Please copy every record below exactly, leaving out the pictures.
----- Data records
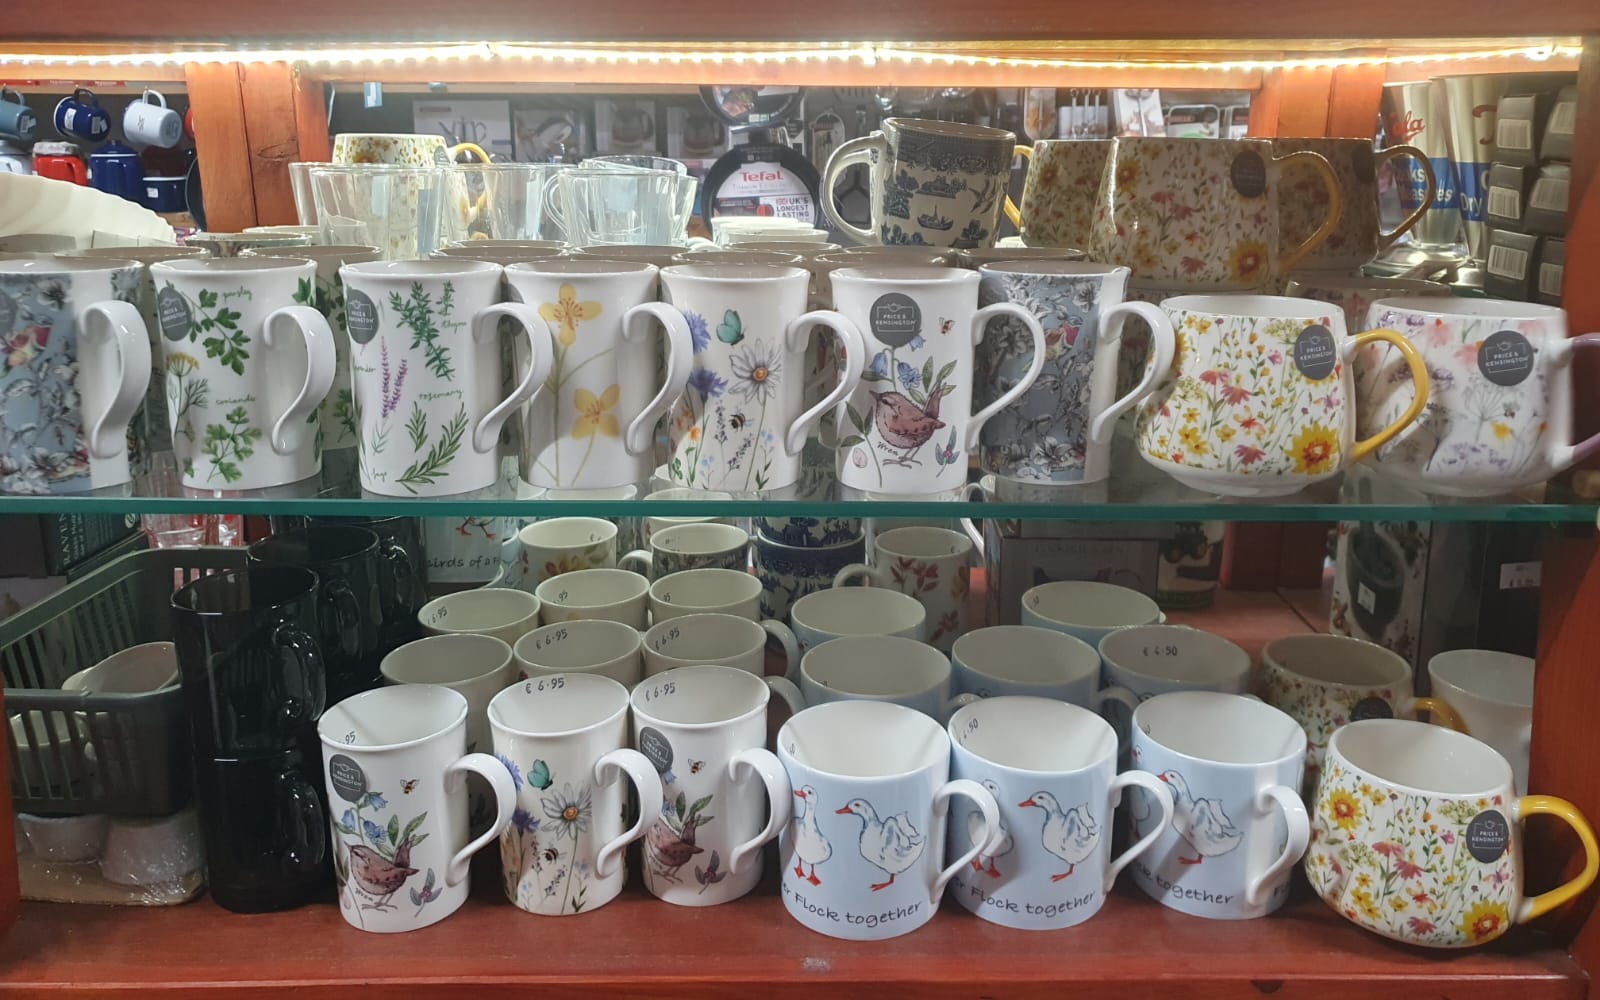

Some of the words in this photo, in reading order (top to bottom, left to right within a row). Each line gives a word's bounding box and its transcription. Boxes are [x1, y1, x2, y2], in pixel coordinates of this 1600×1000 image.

[740, 170, 784, 182] Tefal
[776, 204, 809, 212] LONGEST
[1485, 356, 1529, 367] KENSINGTON
[1494, 351, 1512, 359] PRICE
[418, 388, 464, 401] rosemary
[469, 555, 483, 569] of
[545, 628, 568, 645] 6.95
[661, 627, 680, 646] 6.95
[525, 682, 532, 694] €
[537, 677, 565, 691] 6.95
[653, 682, 676, 699] 6.95
[1156, 874, 1235, 905] together
[1025, 890, 1095, 918] together
[845, 901, 922, 929] together
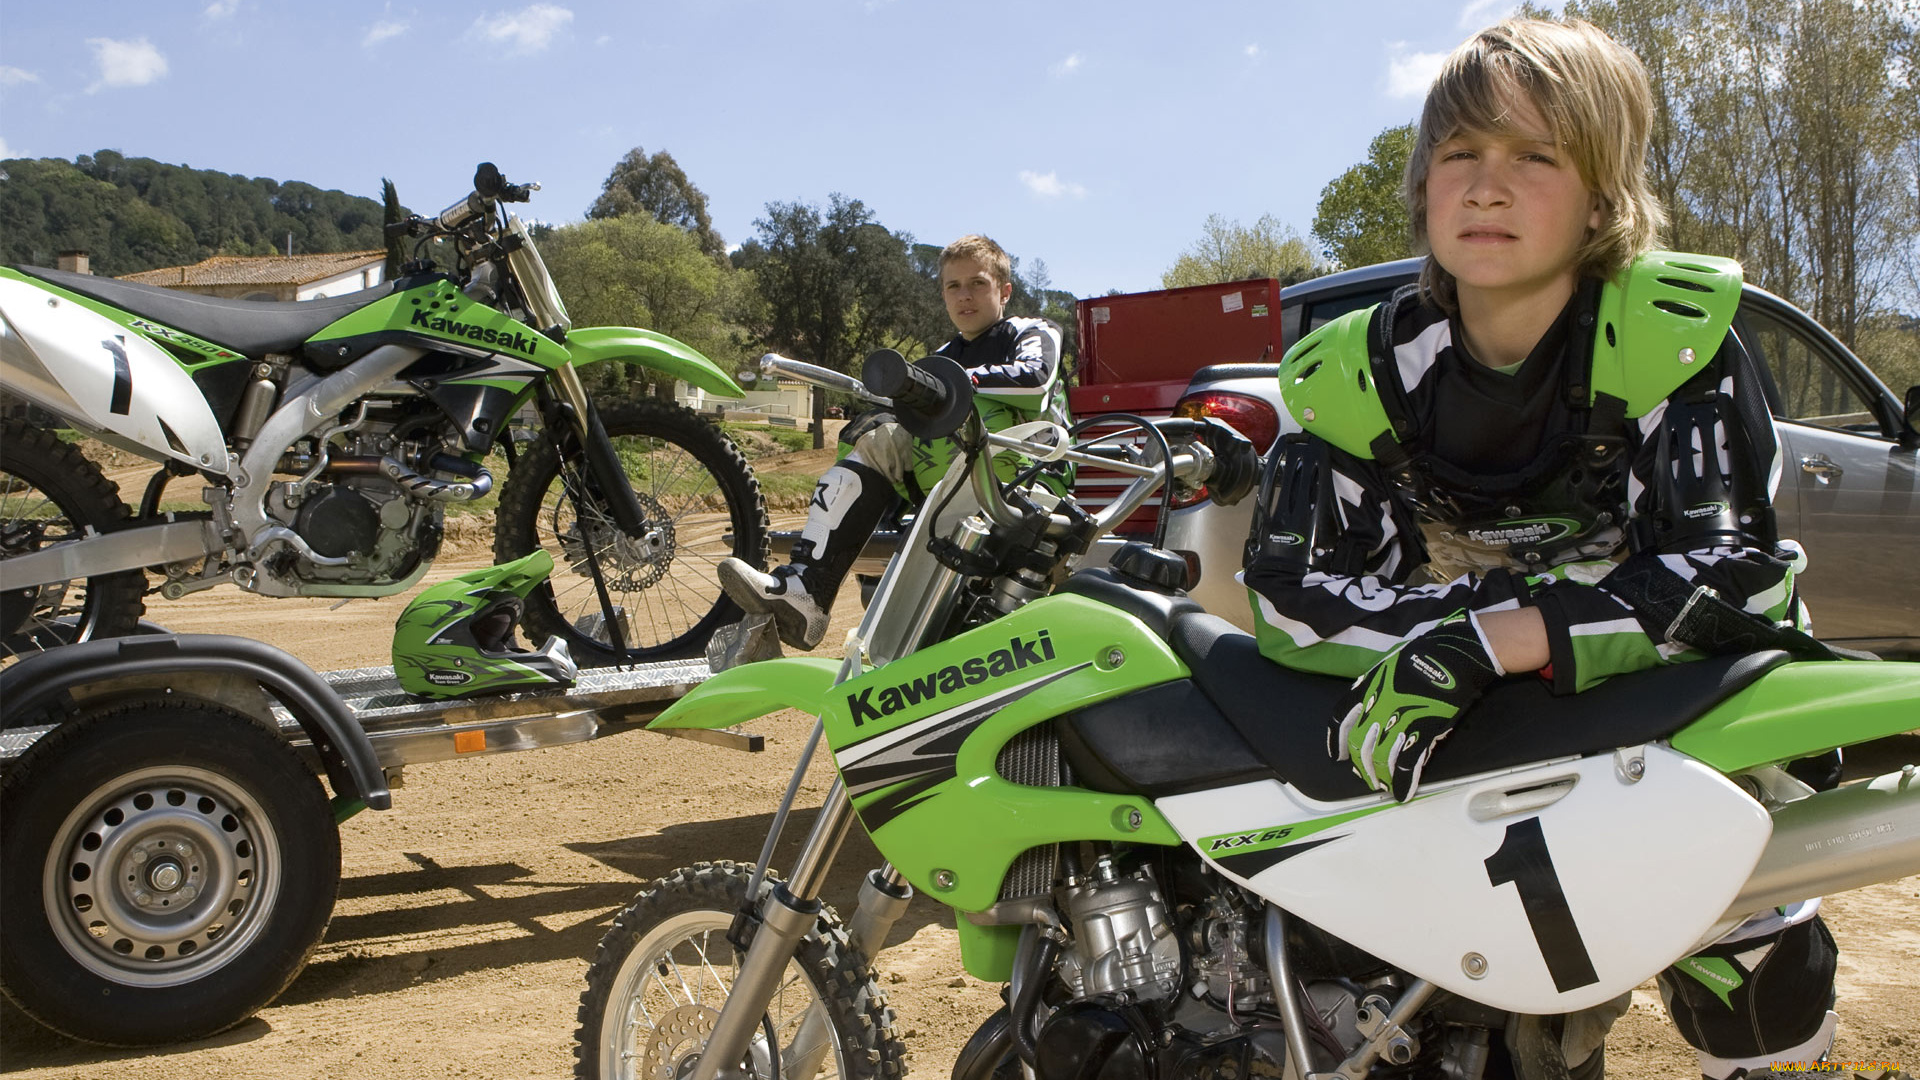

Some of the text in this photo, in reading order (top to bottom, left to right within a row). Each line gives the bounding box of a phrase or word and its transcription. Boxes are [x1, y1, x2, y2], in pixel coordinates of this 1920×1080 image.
----------
_Response to the task:_
Some of the words in this photo, in reading order (top to bottom, left to right within a row). Each line gives a word's bounding box and its transcription. Boxes are [x1, y1, x2, y2], in pixel coordinates of this 1600×1000 image.

[740, 170, 784, 182] Tefal
[776, 204, 809, 212] LONGEST
[1485, 356, 1529, 367] KENSINGTON
[1494, 351, 1512, 359] PRICE
[418, 388, 464, 401] rosemary
[469, 555, 483, 569] of
[545, 628, 568, 645] 6.95
[661, 627, 680, 646] 6.95
[525, 682, 532, 694] €
[537, 677, 565, 691] 6.95
[653, 682, 676, 699] 6.95
[1156, 874, 1235, 905] together
[1025, 890, 1095, 918] together
[845, 901, 922, 929] together

Some of the text in this photo, in reading order (top to bottom, left to right within a row). Each line gives the bounding box of a phrase or word and its transcription. Boxes are [x1, y1, x2, y2], in pixel coordinates of this 1920×1080 image.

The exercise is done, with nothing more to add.